I’d like to let you know about some big and exciting features for v0.9 that have recently been merged. I could really use your help testing them ahead of the official release.
If you’re interested, read on.
New format is designed to support two big features:
content-level compression, which rewires snapshot pipeline to perform compression after hashing and allows room for future improvements, such as error-correcting codes (ECC)
epoch-based index management, which will support append-only operation (soon)
The code at HEAD has both features, but they are disabled by default and all new repositories will default to old format until the feature has been proven stable
I’m looking for folks who are willing to try the new format on their repositories, either by using in-place upgrade or creating brand-new repositories just for this purpose. I’m looking for coverage of all kinds of repositories, big and small, with different levels of concurrency, policies, storage backends, etc.
There is non-trivial amount of risk because the code is new and been tested only in very limited set of circumstances, yet it’s critical to get as much real-world coverage before declaring it stable for all users.
You will need to pass two new flags on repository creation. UI-only repository creation using new format is not supported yet, will be added soon.
$ kopia repository create ... --index-version=2 --enable-index-epochs
To upgrade existing repository to the latest format use the following command (WARNING: this is a one-way operation, there’s no way to revert to old format yet).
$ kopia repository set-params --upgrade
snapshots of a brand-new machine or directory that have files which exist elsewhere should be faster to create if compression is used, because deduplication will happen before compression.
the number of index blobs in the repository will increase (currently the number of index blobs is kept small during maintenance) and we will be retaining one index file per each epoch (typically max 4 epochs per day, usually much less), but we won’t be rewriting indices as aggressively as today
the total size of indexes may grow by 2x-3x, but they usually consume <0.1% of total repository size, so that’s not really significant, on the plus side if the repository gets corrupted, there will be higher chance of data recovery using redundant data.
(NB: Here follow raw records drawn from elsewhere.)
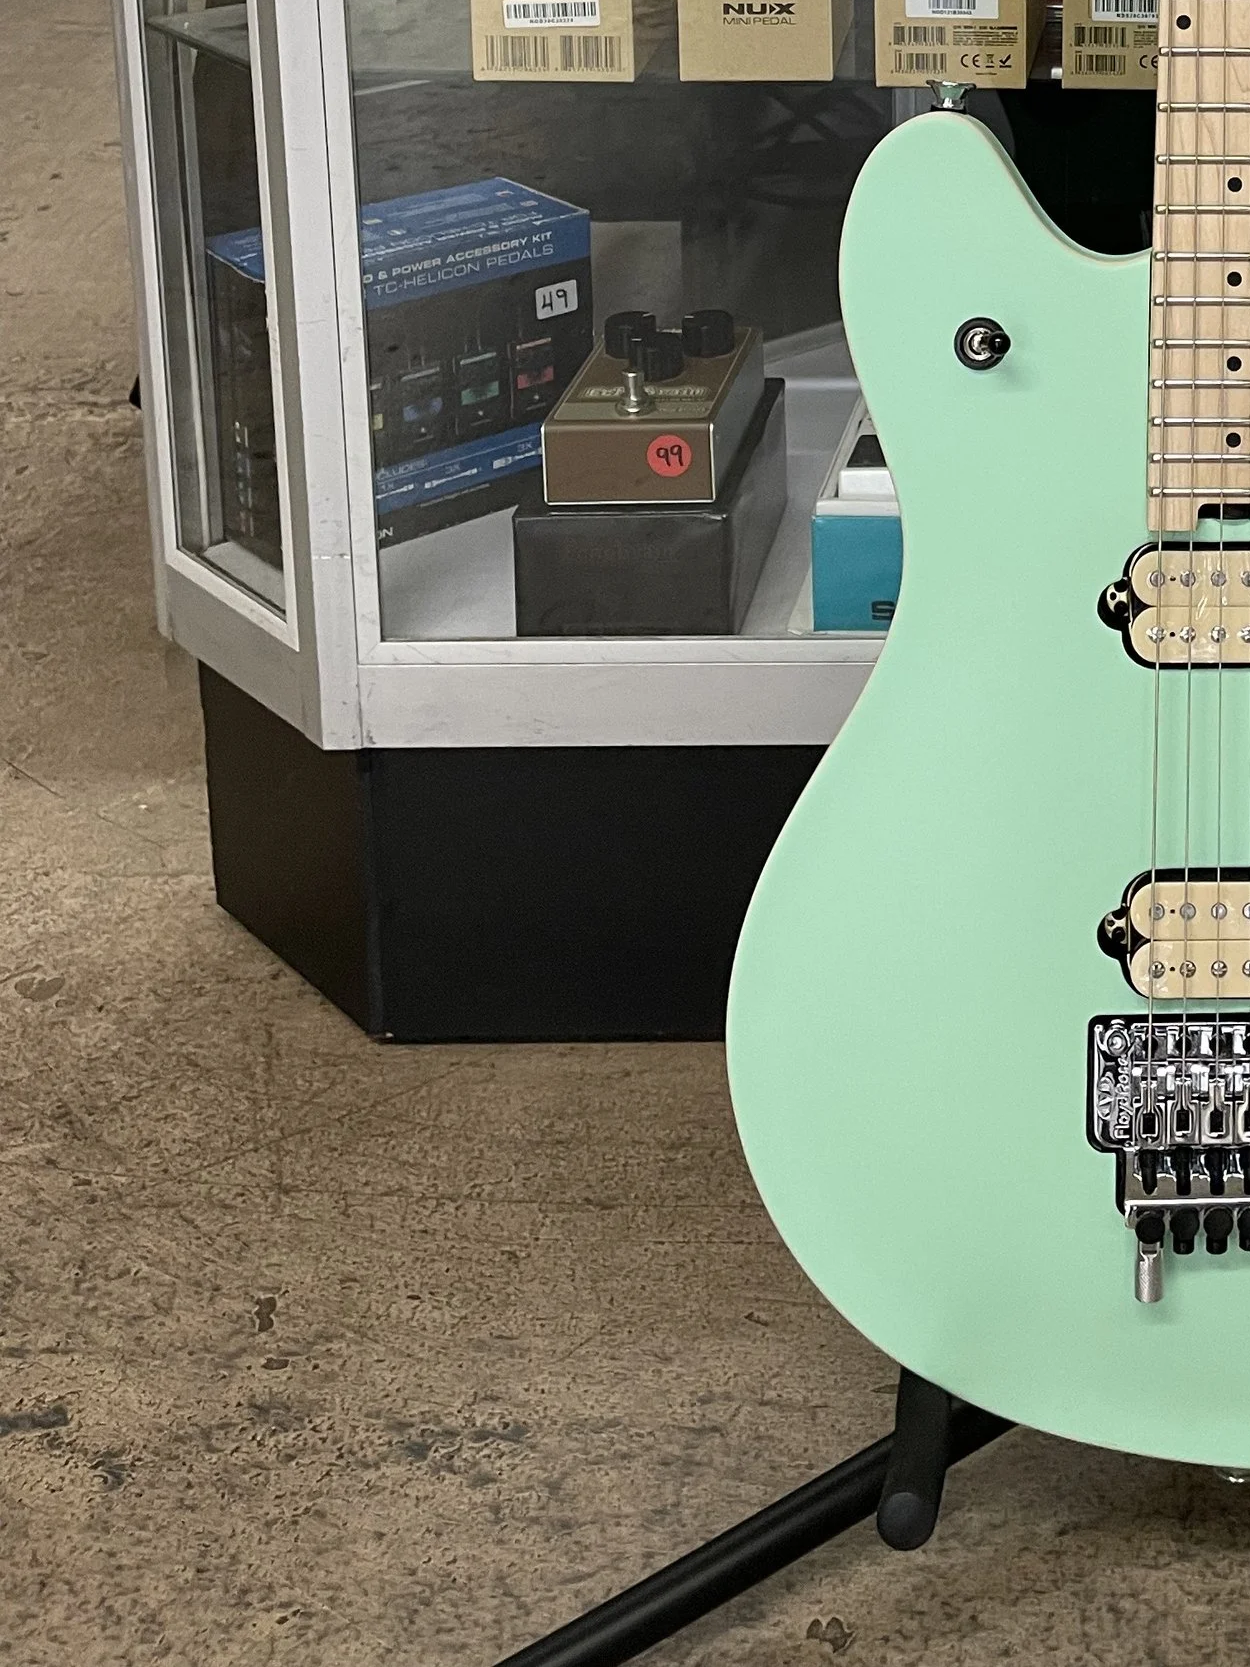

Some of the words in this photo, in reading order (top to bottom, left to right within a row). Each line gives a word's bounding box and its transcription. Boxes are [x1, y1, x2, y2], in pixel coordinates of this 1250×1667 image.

[722, 2, 796, 15] NUX
[722, 16, 752, 26] MINI
[753, 16, 796, 26] PEDAL
[392, 257, 442, 278] POWER
[446, 235, 529, 264] ACCESSORY
[531, 230, 553, 245] KIT
[372, 259, 481, 298] TC-HELICON
[485, 242, 555, 269] PEDALS
[541, 288, 569, 313] 49
[656, 444, 684, 467] 99
the format should be stable and compatible with upcoming v0.9, but if major bugs are found we may need to nuke the repositories and start again.
- any data loss or corruption
- inconsistent view of repository across clients
- unexpected behavior changes, such as things being dramatically faster with no explanation or dramatically slower
- much higher or unexpectedly lower memory or CPU usage
- unexpected slowdowns when running CLI commands
Because epoch-based indexes are time-based, testing this will require some calendar time to pass.
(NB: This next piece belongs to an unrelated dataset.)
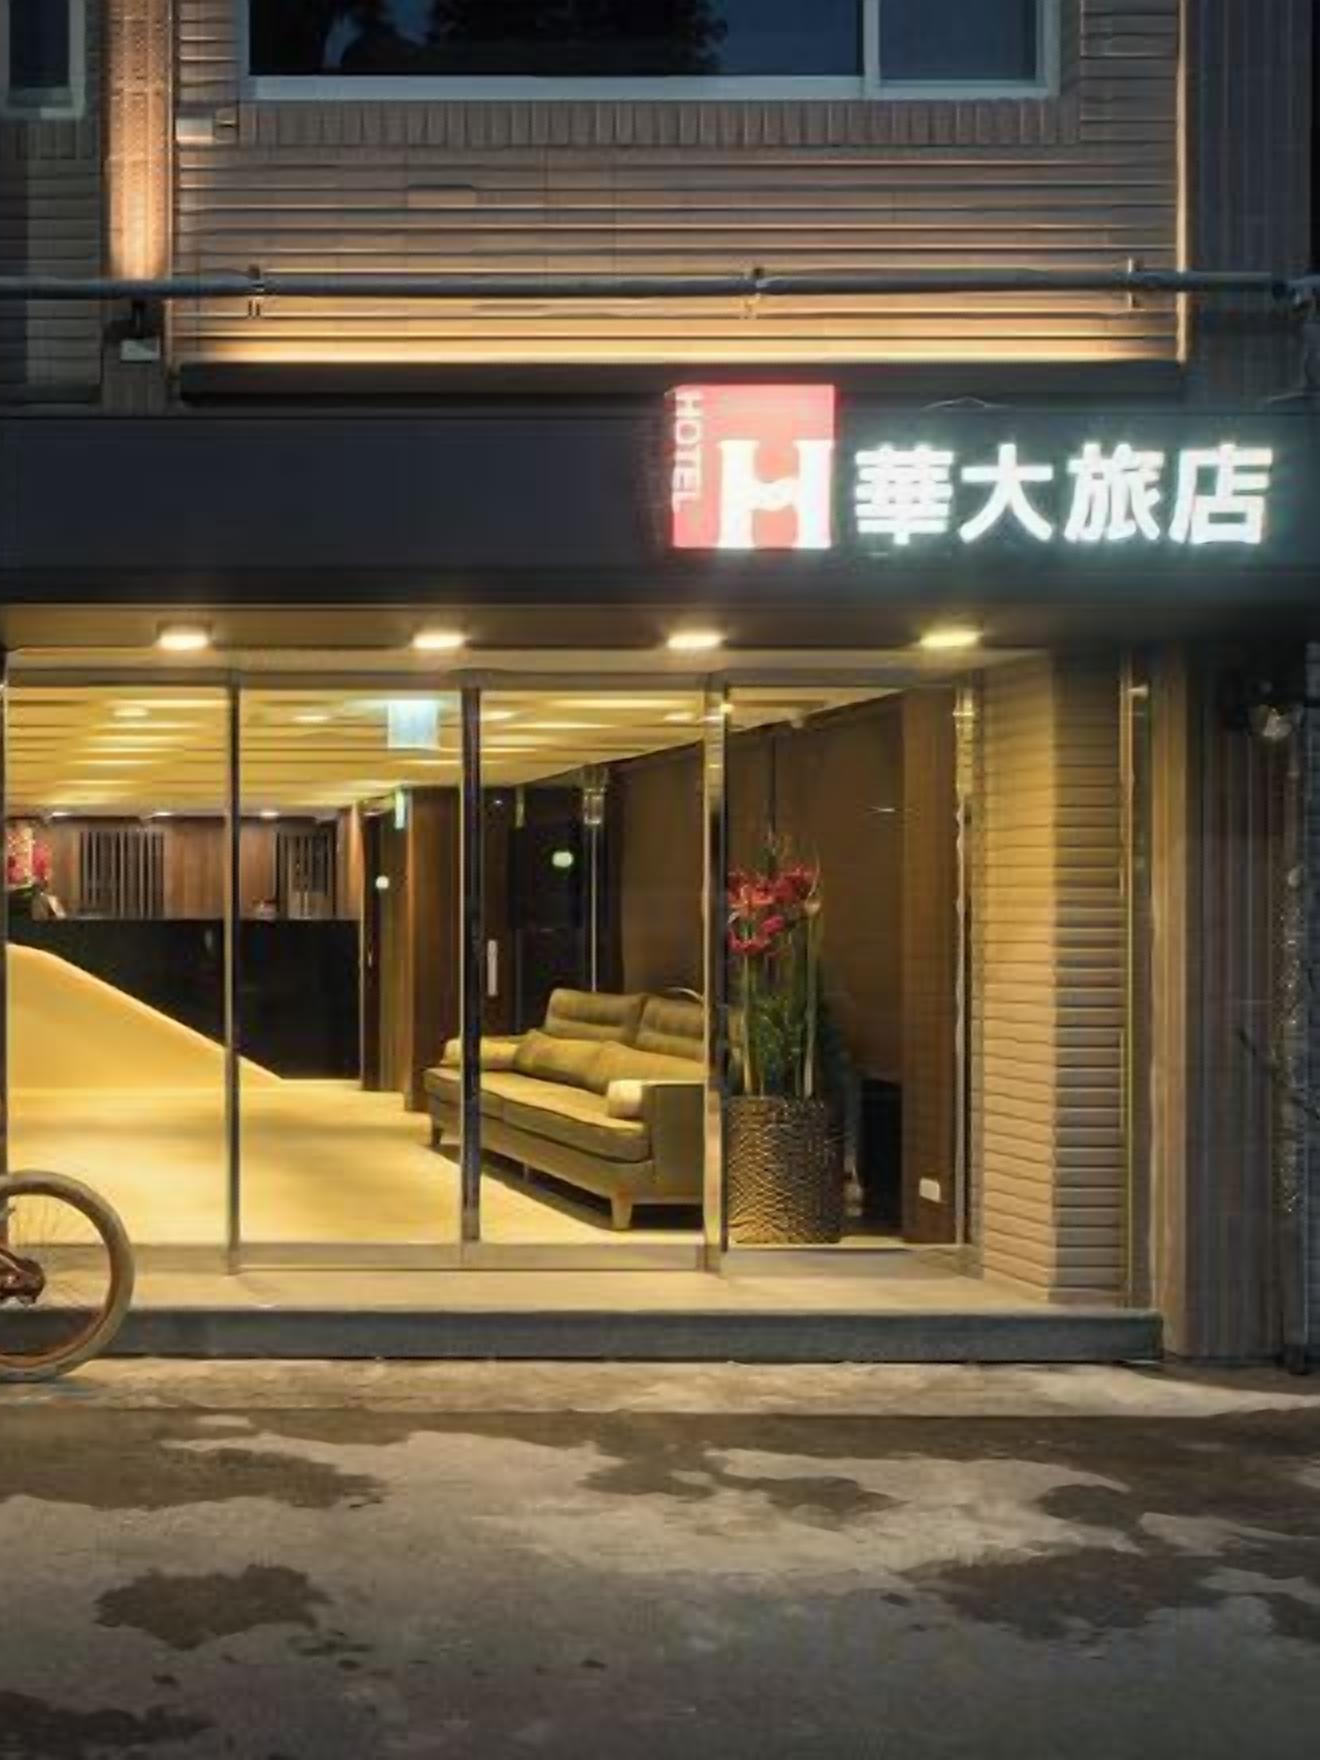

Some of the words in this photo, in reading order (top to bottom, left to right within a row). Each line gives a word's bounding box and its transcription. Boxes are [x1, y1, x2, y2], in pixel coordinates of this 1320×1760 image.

[671, 390, 703, 514] HOTEL
[717, 440, 834, 548] H
[854, 442, 1273, 545] 華大旅店
I’d like to test this until the end of August, which should be enough time to go through between 100 and 200 epochs for most repositories with significant traffic (there will be max 4 epochs per day, depending on activity).
In the meantime we’ll be focusing on polishing the features, adding more CLI commands for debugging and troubleshooting, improving logging, etc.
At the end of the test period (early September) we’ll collectively decide if the features are stable enough to be enabled by default in v0.9 for new repositories or if we’ll need to keep them in the test phase for longer.
The optimistic plan is:
- v0.9 supports new repository format by default, old format can be still be enabled using flags
- v0.10 supports old and new format, will be prompting legacy users to migrate to the new format
- v0.11 supports new repository format only, old index format not supported
If you’re interested in helping with testing, please like this post using the heart icon below and please discuss any issues here in this thread.